The next impetus for a public library, as we now know it, for the citizens of Danville came in 1864 when James Culbertson of the First Presbyterian Church bequeathed his collection of books to form a nucleus for a public library.
Three other collections were ultimately consolidated to form the Danville Public Library in 1883. After renting library space in three downtown locations over twenty years, the Board of Trustees applied to Andrew Carnegie, a philanthropist, for funds to build a home for the library. Carnegie granted the city $40,000 and construction began in 1903.
On November 7, 1904, the public was welcomed into the new building. The library was so popular that, by 1911, the library had outgrown the space in the new building. A second request for construction funds from Mr. Carnegie was denied, thus beginning the re-arranging of services and books that was to continue for 80 years.
The only major addition to the Carnegie building in 90 years was made possible by a $5,000 bequest from longtime library trustee Augustus Webster, who died in 1923. As a result of his generosity, the fiction stack room behind the circulation desk was built in 1929. In 1977, a referendum to build a new library failed. In 1980, a new east entrance was constructed in order to comply with handicapped accessibility laws.
When property located on the same block as the present library became available in 1993, the Board of Trustees began planning for a new, modern, efficient library building. In order to achieve this goal, a unique partnership was forged. The City Council committed $2.5 million, and the “Bring the Dream Alive in ’95” committee of the Danville Library Foundation worked to raise $1.5 million in private gifts from nearly 1,300 citizens. Success was achieved on May 26, 1994. This time, instead of one man paying for the new library building, the entire community was involved.
The Secretary of State/State Librarian, George Ryan, provided $400,000 to the project in the form of a library construction grant which allowed the purchase of new shelving and furnishings for the new two-story 39,800 square foot building.
Actual construction began in mid-August, 1994. On September 29, 1995, the general contractor, English Brothers of Champaign, turned over the keys to the library’s Assistant Director, Phill Cohee.
The Carnegie Building was closed September 30, after a Great Radio Flyer Wagon Train of 550 children initiated the moving of the books by moving part of the children’s collection to the new building in their wagons.

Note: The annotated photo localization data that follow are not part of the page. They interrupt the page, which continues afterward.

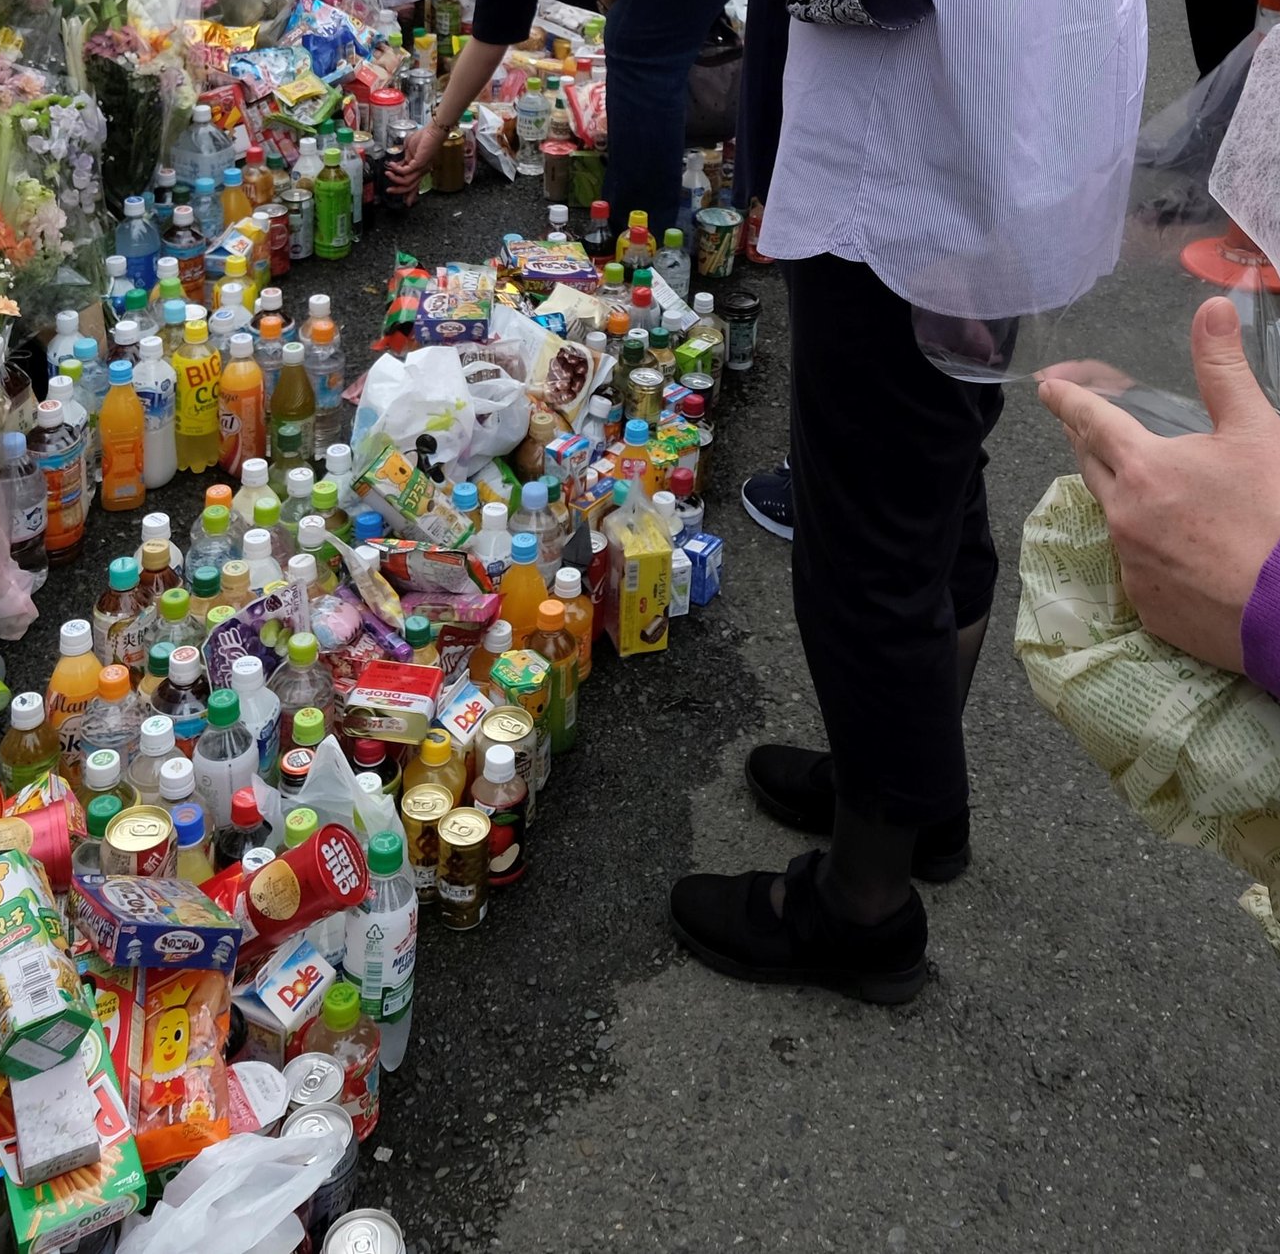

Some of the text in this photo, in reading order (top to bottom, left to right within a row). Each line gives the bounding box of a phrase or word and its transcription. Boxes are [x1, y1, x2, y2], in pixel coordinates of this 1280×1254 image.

[356, 688, 402, 700] DROPS
[453, 699, 484, 731] Dole
[321, 843, 351, 895] chip
[330, 836, 360, 888] star
[160, 935, 200, 951] きのこの山
[277, 965, 321, 1008] Dole
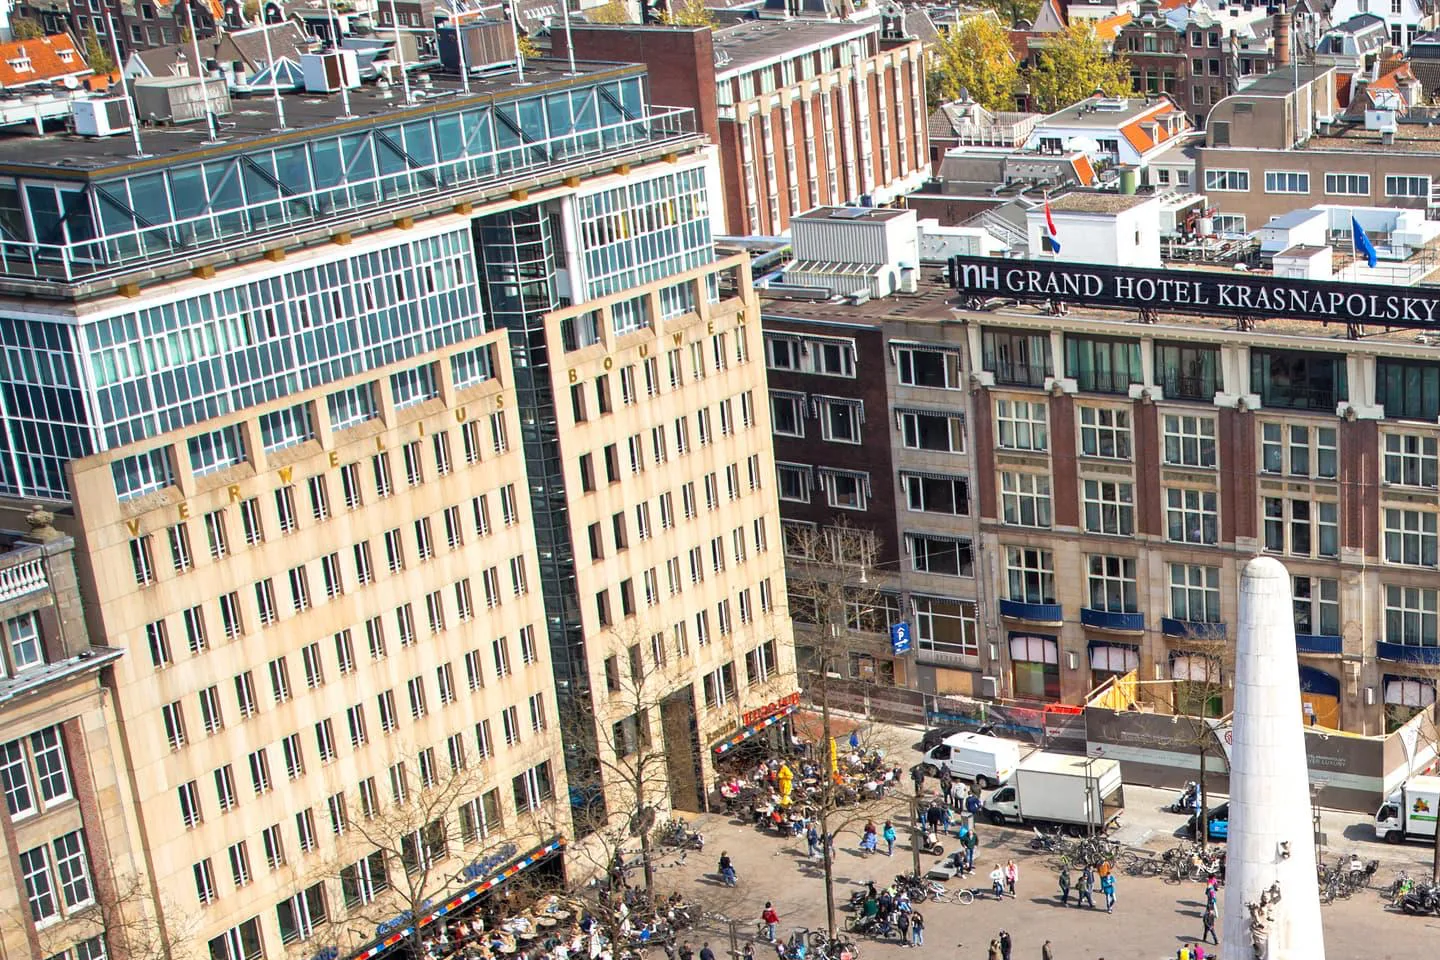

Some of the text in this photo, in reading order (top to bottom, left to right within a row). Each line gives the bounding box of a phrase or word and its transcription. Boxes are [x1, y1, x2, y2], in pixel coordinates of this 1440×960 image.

The grand opening for the new Danville Public Library was held at 4:30 pm on Tuesday, November 7, 1995, exactly 91 years to the day the Carnegie building opened to Danville residents.
Thus began a significant new chapter in the life of the Danville Public Library. “Dreams Come True.”
The Danville Library Foundation continues to work to support the dreams of Danville Public Library. A $390,000 renovation of the building was completed recently to update the lighting throughout the building to LED and create an enclosed teen area, a large group study room, a facilities office, and storage.